よく心の闇を晴らすと言うが、単純にわがままな妹を持って大変ですねと慰めれば良いから攻略としては簡単かもしれない。
「名付け親ランキング?」
産まれた子が長男なら父方の祖父が、長女なら母方の祖母が、次男なら母方の祖父が、次女なら父方の祖母が付ける。
それ以降は男なら父親が、女なら母親が付けるというのが一般的だ。
ごくまれに教会から洗礼を受けて名を付けてもらうこともあるが、少数だ。
「つまり名前に関しては自由が無いってこと?」
自分が産む子が悪役令嬢になる可能性が高いからゲームとは違う名前を付けたいが、今の状況では、それすらもわがままとして捉えられかねない。
「よくあるのは子どもを産んで心を入れ替えたパターンだけど、都合良いわよね」
意外と暇つぶしになる雑誌を読んでいると廊下が騒がしくなった。
大股で歩く音は侍女たちではあり得なかった。
「来たか」
雑誌を閉じて訪問者を待つ。
「瑠花! 何を考えている! いい加減にしろ!」
「大きな声を出さないでいただきたいわ。お腹の子が驚いてしまいます」
「お前が部屋にいれば済むことだろう! 何だ! この天幕は!?」
「日除けですわ」
「わがままもいい加減にしろ! 子どもを産んだら出ていけ!」
「さようですか。分かりました」
いつもなら出ていけと言えば、鼻で笑いながら、お義父様とお義母様にご連絡しますわね、と返す。

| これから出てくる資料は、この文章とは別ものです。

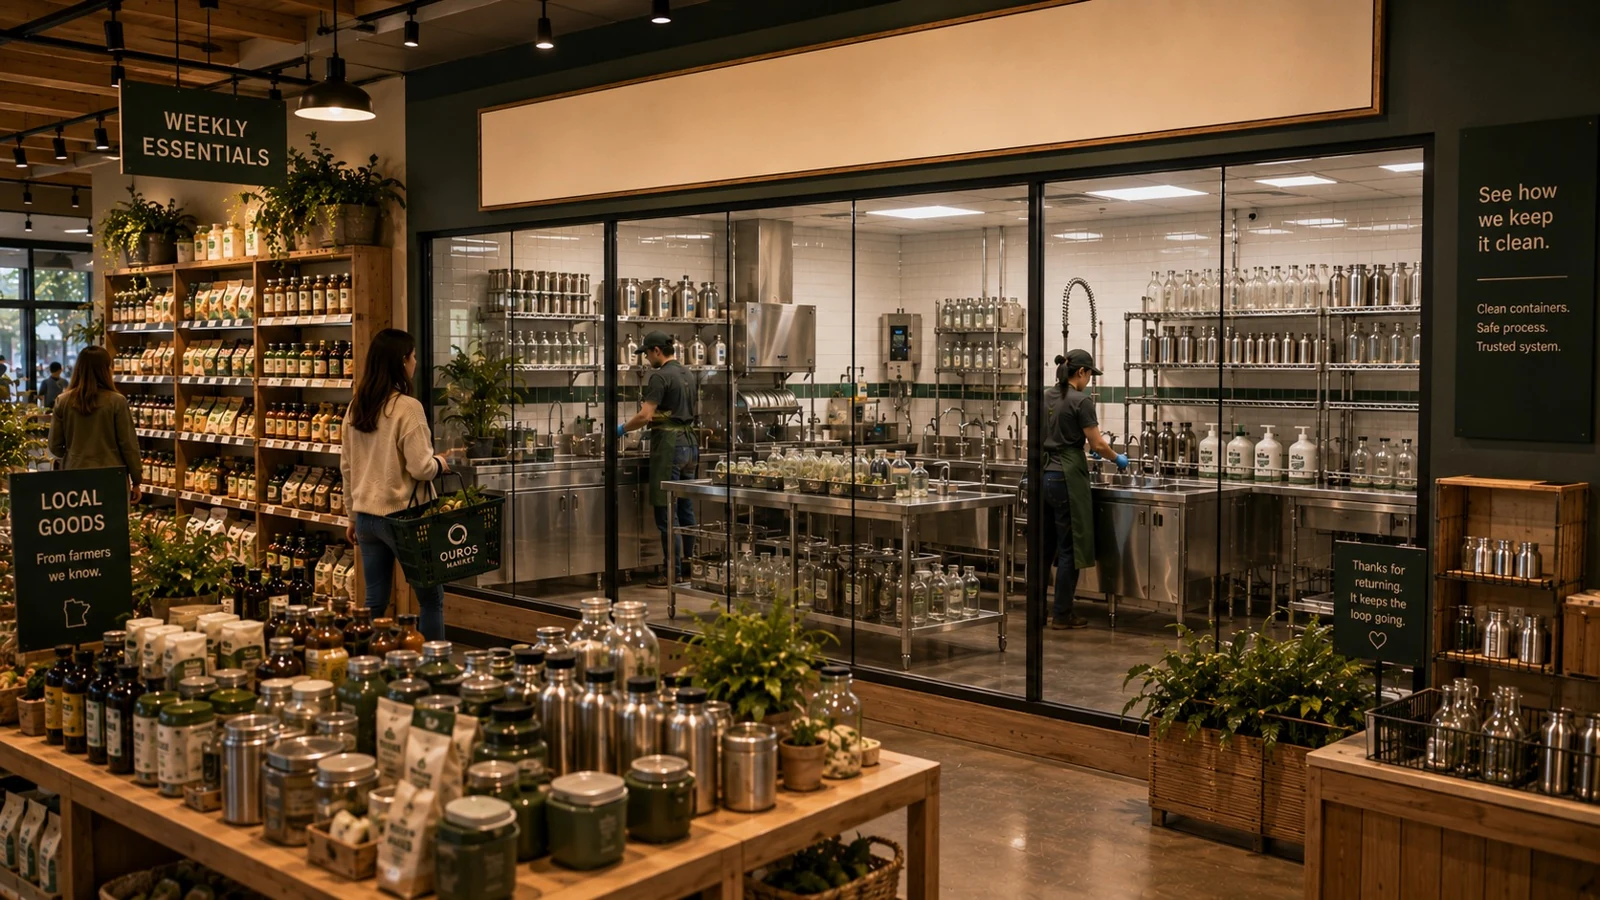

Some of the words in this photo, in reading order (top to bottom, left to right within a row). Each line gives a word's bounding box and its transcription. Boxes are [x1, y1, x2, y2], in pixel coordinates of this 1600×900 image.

[163, 111, 248, 138] WEEKLY
[143, 136, 270, 167] ESSENTIALS
[1478, 186, 1513, 204] See
[1518, 183, 1558, 201] how
[1478, 213, 1504, 228] we
[1509, 208, 1554, 229] keep
[1478, 235, 1490, 253] it
[1495, 233, 1550, 252] clean.
[1476, 303, 1507, 315] Clean
[1509, 301, 1570, 314] containers.
[1476, 321, 1500, 334] Safe
[1503, 323, 1549, 336] process.
[1476, 340, 1516, 352] Trusted
[1519, 340, 1561, 355] system.
[41, 489, 103, 511] LOCAL
[38, 513, 106, 537] GOODS
[36, 552, 66, 565] From
[69, 548, 112, 562] farmers
[440, 544, 479, 562] OUROS
[49, 572, 66, 582] we
[68, 567, 102, 580] know.
[1352, 560, 1388, 574] Thanks
[1391, 563, 1406, 575] for
[1355, 578, 1403, 594] returning.
[1350, 592, 1357, 603] It
[1360, 593, 1388, 608] keeps
[1390, 597, 1407, 609] the
[1350, 608, 1372, 623] loop
[1375, 613, 1406, 628] going.

そして瑠花の実家の後ろ盾と財力を失うことを恐れて、瑠花を引き留めにかかる。
これも悪循環になっていた。
「わたくしもいい加減、疲れましたの。誰か離縁状を用意してちょうだい」
「なっ」
「ご心配なく、子どもはそちらにお預けしますわ」
「っ勝手にしろ!」
来た時と同じように騒がしく出て行った。
か細い声で瑠花に呼びかけるのはアンズだった。
「奥様」
「あぁ離縁状ね」
「本当に離縁されるのですか?」
「そうね、その方が旦那様も安心なさるでしょう」
離縁状は通常は男の方からしか書けないが瑠花の実家の権力が上のため逆転していた。
そのことが分かっているから瑠花は離縁という言葉を餌に義父母に縋っていた。
「こちらを子どもが産まれたら出してちょうだい、アンズ」
「はい、あっ私の名前」
「アンズで合っているわよね」
「はい、奥様」
この家に嫁いでから初めて侍女の名前を呼んだことになる瑠花はアンズという侍女を味方につけた。
この調子で侍女頭も味方にしたいが手強そうだった。